Shields Edward, Kates Stephen L
University of Rochester Medical Center, 601 Elmwood, Box #665, Rochester, NY, 14620, USA,
Arch Orthop Trauma Surg. 2014 Dec;134(12):1667-71. doi: 10.1007/s00402-014-2096-3. Epub 2014 Oct 22.
This study compares re-operation rates and financial burden following the treatment of femoral neck fractures treated with hemiarthroplasty compared to non-displaced femoral neck fractures treated with cannulated screws.
Data was retrospectively analyzed from a prospective database at a university hospital setting on patients undergoing hemiarthroplasty after femoral neck fractures and those with non-displaced femoral neck fractures treated with cannulated screws over a 7-year period. Re-operation rates were determined and financial data was analyzed. Charges refer to amounts billed by the hospital to insurance carriers, while costs refer to financial burden carried by the hospital during treatment.
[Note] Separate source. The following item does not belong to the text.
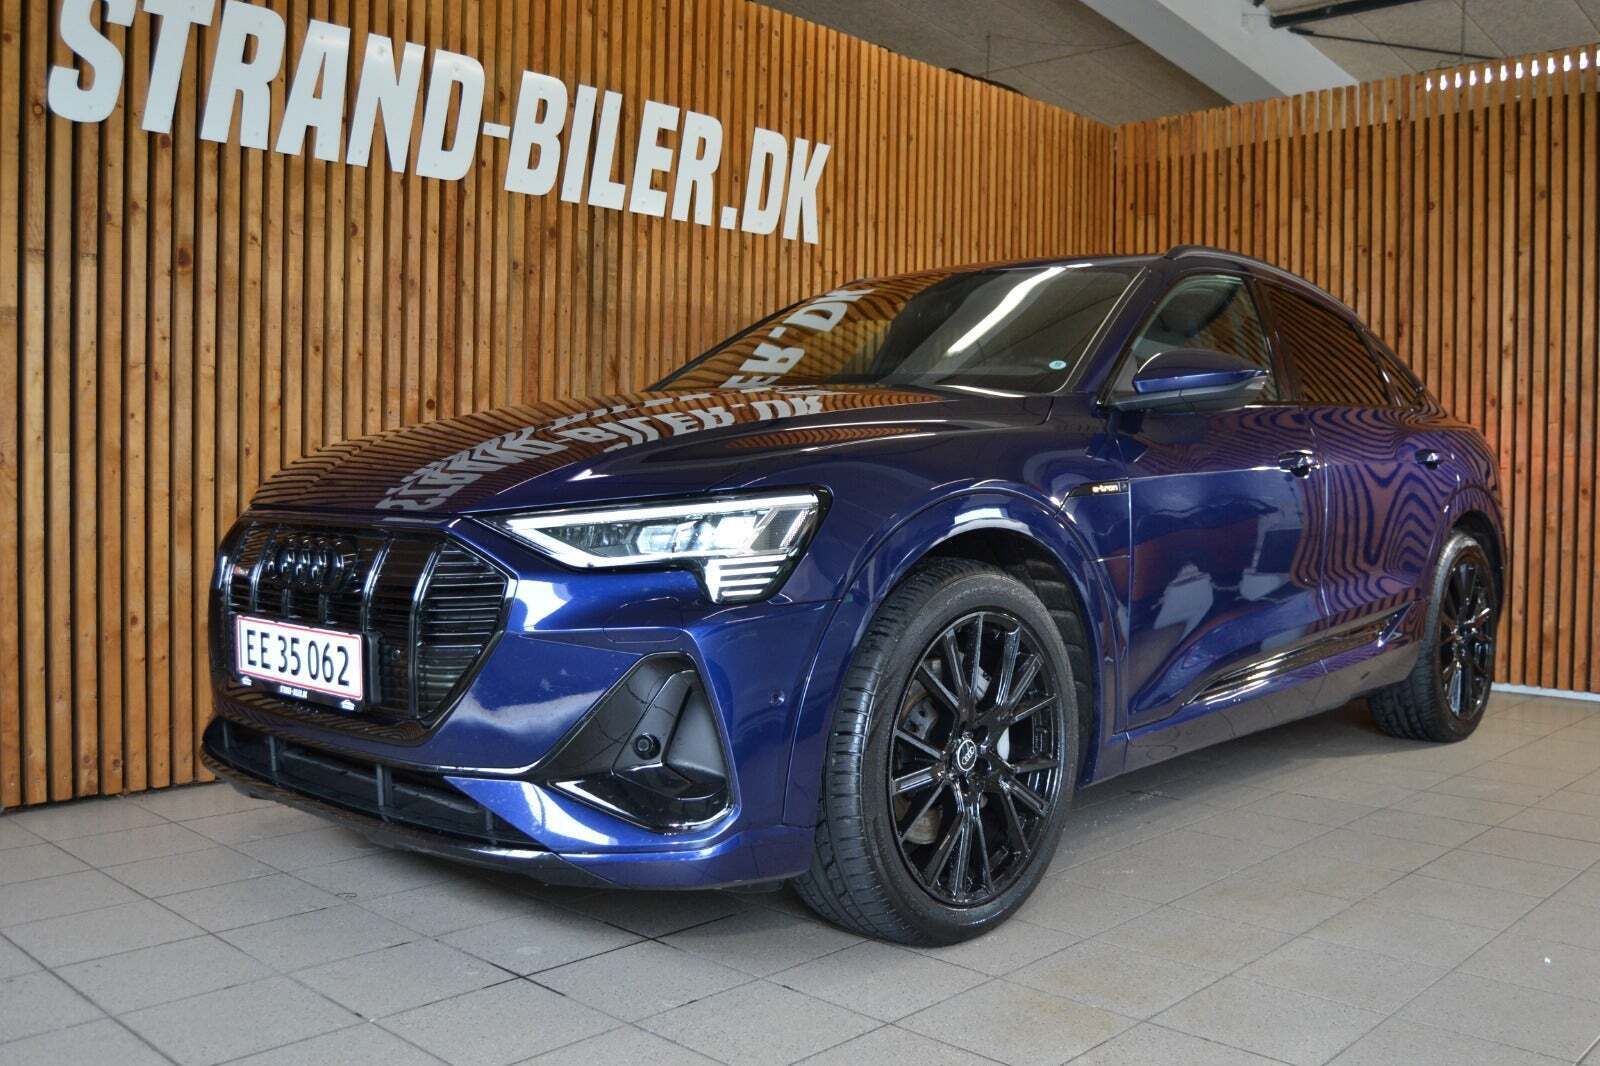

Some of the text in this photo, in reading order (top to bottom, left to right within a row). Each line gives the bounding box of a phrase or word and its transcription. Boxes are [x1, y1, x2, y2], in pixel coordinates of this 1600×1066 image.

[48, 0, 830, 245] STRAND-BILER.DK
[1092, 484, 1119, 493] e-tron
[246, 629, 350, 687] EE 35 062
There were 491 femoral neck fractures (475 patients) that underwent hemiarthroplasty (HA) and 120 non-displaced fractures (119 patients) treated with cannulated screw (CannS) fixation. Both groups had similar age, sex, Charlson co-morbidity scores, pre-operative Parker mobility scores, and 12-month mortality. There were 29 (5.9 %) reoperations in the HA group and 16 (13.3 %) in the CannS group (P = 0.007). The majority of re-operations occurred within 12 months for both groups [21/29 (72 %) HA group; 15/16 (94 %) CannS group; P = 0.13]. Average hospital charges per patient for the index procedure were higher in the HA group ($17,880 ± 745) compared to the CannS group ($14,104 ± 5,047; P < 0.001). After accounting for additional procedures related to their initial surgical fixation, average hospital charges and costs remained higher in the HA group.
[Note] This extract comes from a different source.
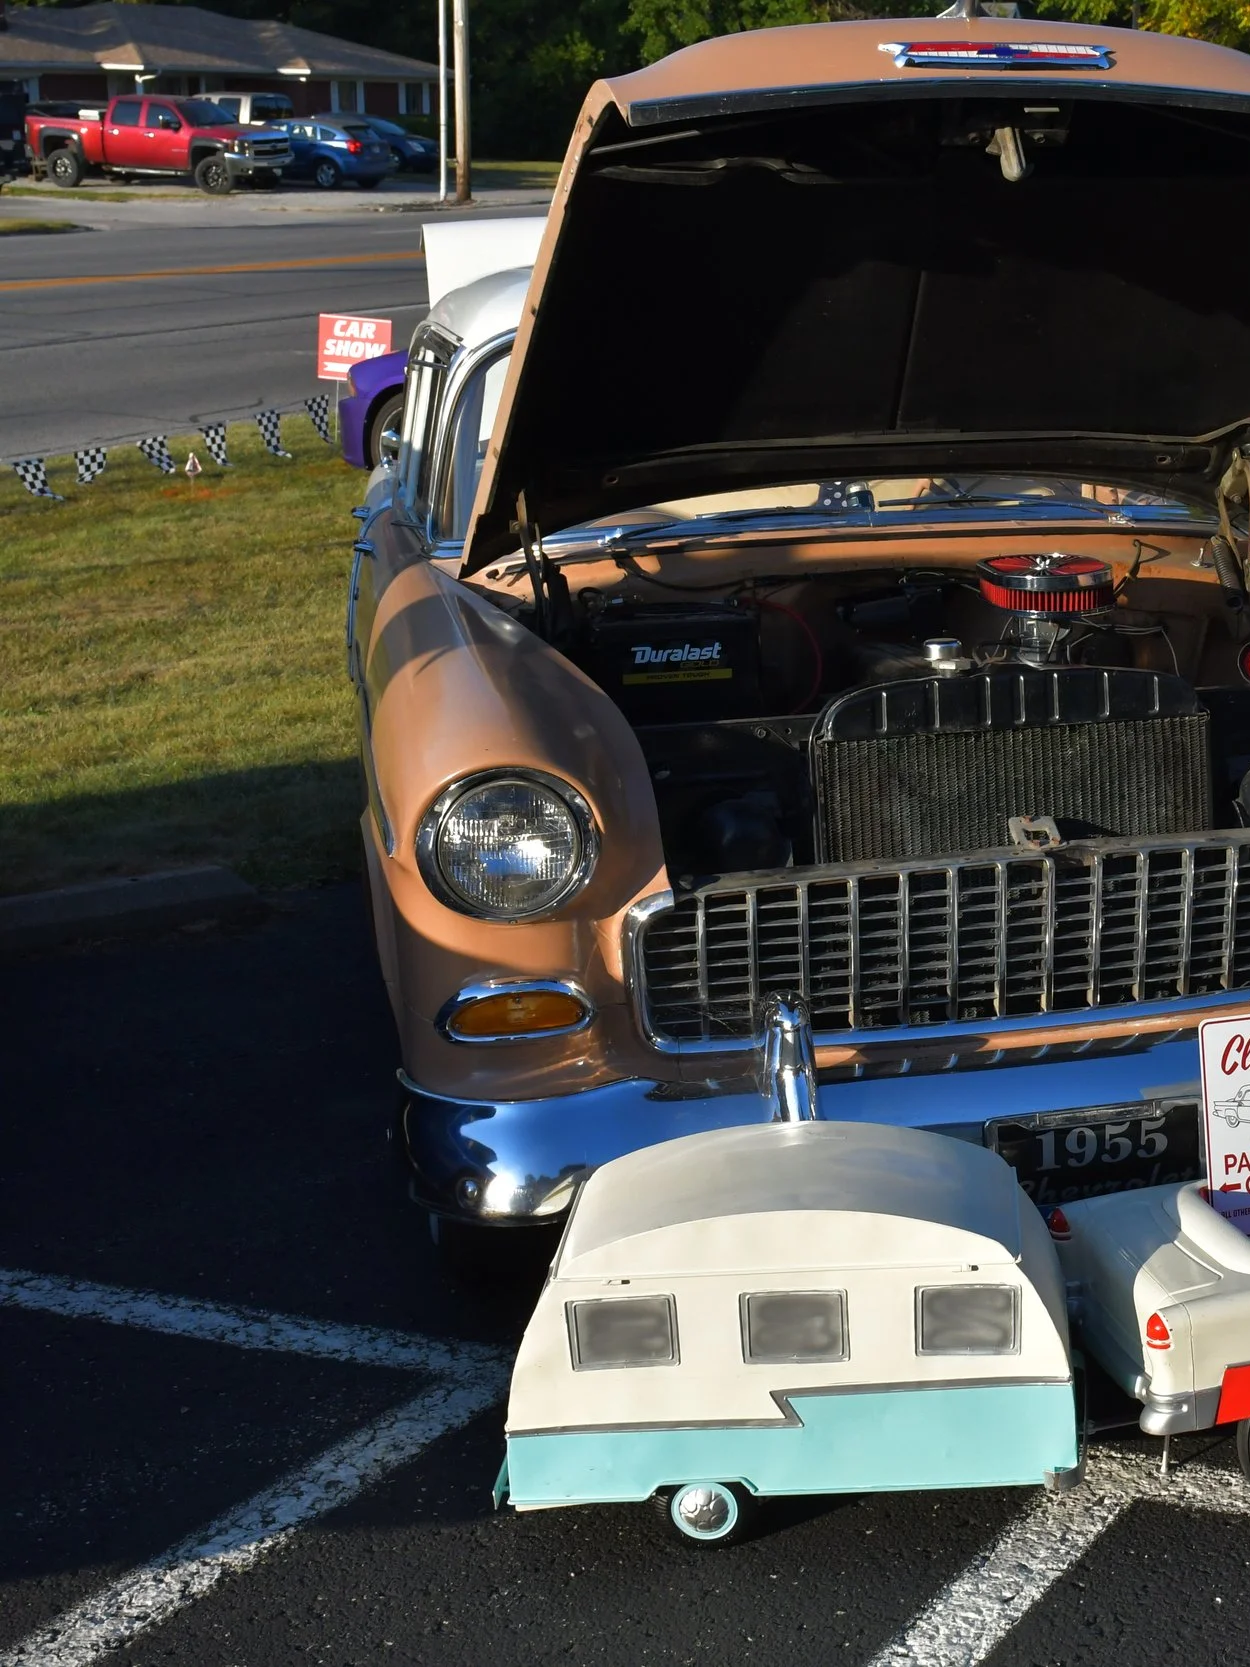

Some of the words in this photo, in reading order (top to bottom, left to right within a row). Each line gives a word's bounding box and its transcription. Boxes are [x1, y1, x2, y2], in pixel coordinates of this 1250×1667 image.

Patients treated with hemiarthroplasty for femoral neck fractures have lower re-operation rates than patients treated with cannulated screws for non-displaced femoral neck fractures, with 80 % of re-operations occurring in the first 12 months. Hospital charges and costs to the hospital for treating patients undergoing hemiarthroplasty were higher than patients treated with cannulated screws for the index procedure alone, and after accounting for re-operations.
本研究比较了半髋关节置换术治疗股骨颈骨折与空心钉治疗无移位股骨颈骨折后的再次手术率和经济负担。
回顾性分析了一所大学医院前瞻性数据库中7年间接受股骨颈骨折半髋关节置换术的患者以及接受空心钉治疗的无移位股骨颈骨折患者的数据。确定再次手术率并分析财务数据。收费指医院向保险公司开具的账单金额,而成本指医院在治疗期间承担的经济负担。
有491例股骨颈骨折(475例患者)接受了半髋关节置换术(HA),120例无移位骨折(119例患者)接受了空心钉(CannS)固定。两组患者在年龄、性别、查尔森合并症评分、术前帕克活动能力评分和12个月死亡率方面相似。HA组有29例(5.9%)再次手术,CannS组有16例(13.3%)再次手术(P = 0.007)。两组中大多数再次手术发生在12个月内[HA组21/29(72%);CannS组15/16(94%);P = 0.13]。HA组首次手术的平均每位患者医院收费(17,880美元±745美元)高于CannS组(14,104美元±5,047美元;P < 0.001)。在考虑与初始手术固定相关的额外手术后,HA组的平均医院收费和成本仍然较高。
股骨颈骨折接受半髋关节置换术治疗的患者比无移位股骨颈骨折接受空心钉治疗的患者再次手术率更低,80%的再次手术发生在最初12个月内。医院治疗接受半髋关节置换术患者的收费和成本高于仅接受空心钉治疗的患者,且在考虑再次手术后也是如此。